ASSIGNMENT
Once the pictures are set aside, copy the records below exactly as they stand.

#### DATA IN THIS EXERCISE

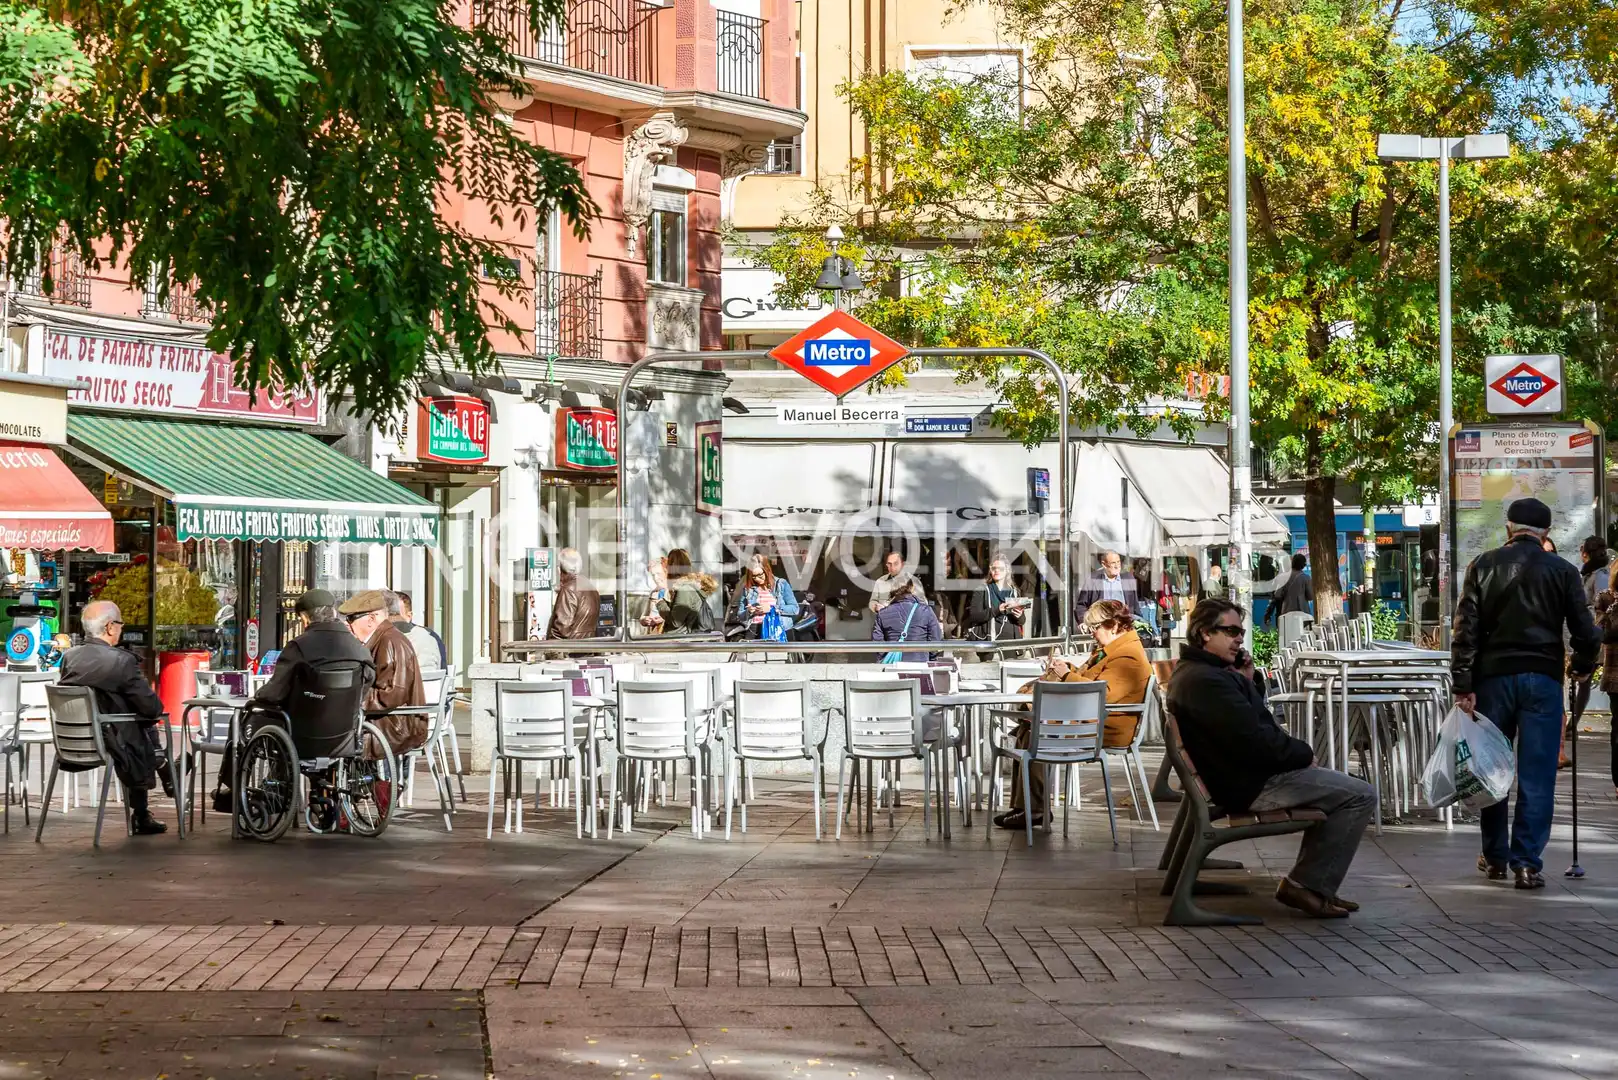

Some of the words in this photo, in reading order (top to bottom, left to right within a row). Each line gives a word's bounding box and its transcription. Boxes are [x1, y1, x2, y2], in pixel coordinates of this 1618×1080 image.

[78, 336, 96, 362] DE
[101, 339, 155, 368] PATATAS
[159, 345, 204, 373] FRITAS
[810, 344, 866, 360] Metro
[133, 381, 173, 407] SECOS
[1506, 380, 1541, 391] Metro
[433, 408, 458, 438] Café
[462, 410, 470, 440] &
[472, 410, 484, 440] Té
[784, 408, 836, 420] Manuel
[842, 408, 899, 420] Becerra
[570, 418, 592, 447] Café
[596, 420, 604, 448] &
[606, 420, 616, 449] Té
[31, 522, 81, 548] especiales
[180, 508, 202, 534] FCA.
[203, 509, 243, 535] PATATAS
[245, 511, 279, 536] FRITAS
[281, 512, 318, 538] FRUTOS
[320, 514, 350, 538] SECOS
[356, 516, 382, 539] HNOS.
[384, 517, 409, 540] ORTIZ
[412, 518, 436, 540] SANZ
[530, 565, 551, 580] MENÚ

########

ANSWER TO THE PROBLEM
Some of the words in this photo, in reading order (top to bottom, left to right within a row). Each line gives a word's bounding box and its transcription. Boxes are [x1, y1, x2, y2], in pixel coordinates of this 1618×1080 image.

[78, 336, 96, 362] DE
[101, 339, 155, 368] PATATAS
[159, 345, 204, 373] FRITAS
[810, 344, 866, 360] Metro
[133, 381, 173, 407] SECOS
[1506, 380, 1541, 391] Metro
[433, 408, 458, 438] Café
[462, 410, 470, 440] &
[472, 410, 484, 440] Té
[784, 408, 836, 420] Manuel
[842, 408, 899, 420] Becerra
[570, 418, 592, 447] Café
[596, 420, 604, 448] &
[606, 420, 616, 449] Té
[31, 522, 81, 548] especiales
[180, 508, 202, 534] FCA.
[203, 509, 243, 535] PATATAS
[245, 511, 279, 536] FRITAS
[281, 512, 318, 538] FRUTOS
[320, 514, 350, 538] SECOS
[356, 516, 382, 539] HNOS.
[384, 517, 409, 540] ORTIZ
[412, 518, 436, 540] SANZ
[530, 565, 551, 580] MENÚ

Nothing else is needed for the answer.